The Obama administration is considering the repatriation of most, if not all, of the non-Afghan detainees held at the main American-run prison in Afghanistan, an effort to oversee their transfer before U.S. officials relinquish control of the facility, according to administration officials.

The foreign prisoners, who number close to 50, were in some cases picked up on the battlefield in Afghanistan and in others detained in third countries and taken to the prison by the CIA, according to U.S. and foreign officials.

With the U.S. government planning to hand over control of the prison, American officials believe that Afghan authorities are unlikely to have any interest in either continuing to hold the foreigners or in putting them on trial. By beginning the repatriation process soon, officials believe they can negotiate transfers with the detainees’ home countries, arrange for post-transfer monitoring, and secure diplomatic assurances that detainees will not be abused when they return home.

That said, the WaPo includes a rather amusing summary of anonymous officials insisting that our hand is not being forced by things like Yunus Rahmatullah’s successful habeas petition in the UK.

Administration officials said they are willing to transfer Rahmatullah, but do not want the basis of such a move to be a foreign court ruling.

And it includes a number of pieces of evidence to suggest these detainees weren’t a threat in the first place.

A small number of detainees [out of 50] may be deemed to pose a terrorist threat, requiring their continued detention or close supervision by their home country if released from the Afghan prison, officials said.

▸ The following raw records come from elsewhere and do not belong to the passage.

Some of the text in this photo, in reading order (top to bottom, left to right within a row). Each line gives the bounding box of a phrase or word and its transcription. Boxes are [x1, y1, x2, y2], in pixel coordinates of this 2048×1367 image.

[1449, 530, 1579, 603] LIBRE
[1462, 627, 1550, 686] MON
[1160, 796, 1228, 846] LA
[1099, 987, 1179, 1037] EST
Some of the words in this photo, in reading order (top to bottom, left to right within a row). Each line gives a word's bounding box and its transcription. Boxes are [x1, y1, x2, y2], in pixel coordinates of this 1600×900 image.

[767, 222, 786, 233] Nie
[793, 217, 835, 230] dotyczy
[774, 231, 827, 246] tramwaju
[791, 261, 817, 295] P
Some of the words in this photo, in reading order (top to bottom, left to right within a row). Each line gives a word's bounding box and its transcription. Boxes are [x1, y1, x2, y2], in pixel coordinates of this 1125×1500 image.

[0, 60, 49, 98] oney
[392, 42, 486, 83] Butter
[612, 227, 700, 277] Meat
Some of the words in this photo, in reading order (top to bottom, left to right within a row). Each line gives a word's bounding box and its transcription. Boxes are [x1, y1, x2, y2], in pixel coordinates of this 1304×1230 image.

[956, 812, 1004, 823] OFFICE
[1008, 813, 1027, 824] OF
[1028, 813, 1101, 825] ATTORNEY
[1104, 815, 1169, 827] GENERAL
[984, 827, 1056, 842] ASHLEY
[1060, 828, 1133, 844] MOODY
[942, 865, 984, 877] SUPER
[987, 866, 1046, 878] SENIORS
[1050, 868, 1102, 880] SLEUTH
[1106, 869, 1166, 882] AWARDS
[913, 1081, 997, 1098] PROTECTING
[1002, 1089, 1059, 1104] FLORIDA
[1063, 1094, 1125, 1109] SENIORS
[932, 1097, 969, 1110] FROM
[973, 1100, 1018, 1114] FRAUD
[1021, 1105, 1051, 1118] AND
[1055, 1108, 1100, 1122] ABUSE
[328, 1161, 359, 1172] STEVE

Additionally, a number of them are Yemeni, complicating their possible repatriation.

[snip]

The foreign detainees include two Yemenis and one Tunisian who attempted to secure their release by filing for writs of habeas corpus in the U.S. District Court in Washington in 2009. All three claimed they were captured outside Afghanistan, held at secret CIA prisons overseas, before being transferred to the detention center in Bagram.

Judge John D. Bates ruled that these non-Afghan prisoners had the right to pursue habeas cases; however, the federal court of appeals overturned that decision in 2010.

A U.S. official said the three men were among those who could be repatriated.

So before we start the process of giving detainees actual, meaningful review of their detention, we’re going to first repatriate a bunch who we’ve known not to pose a threat.

Whatever. I guess if we have to allow the Administration to engage in these fictions to get out of the illegal detention business, I’ll take it.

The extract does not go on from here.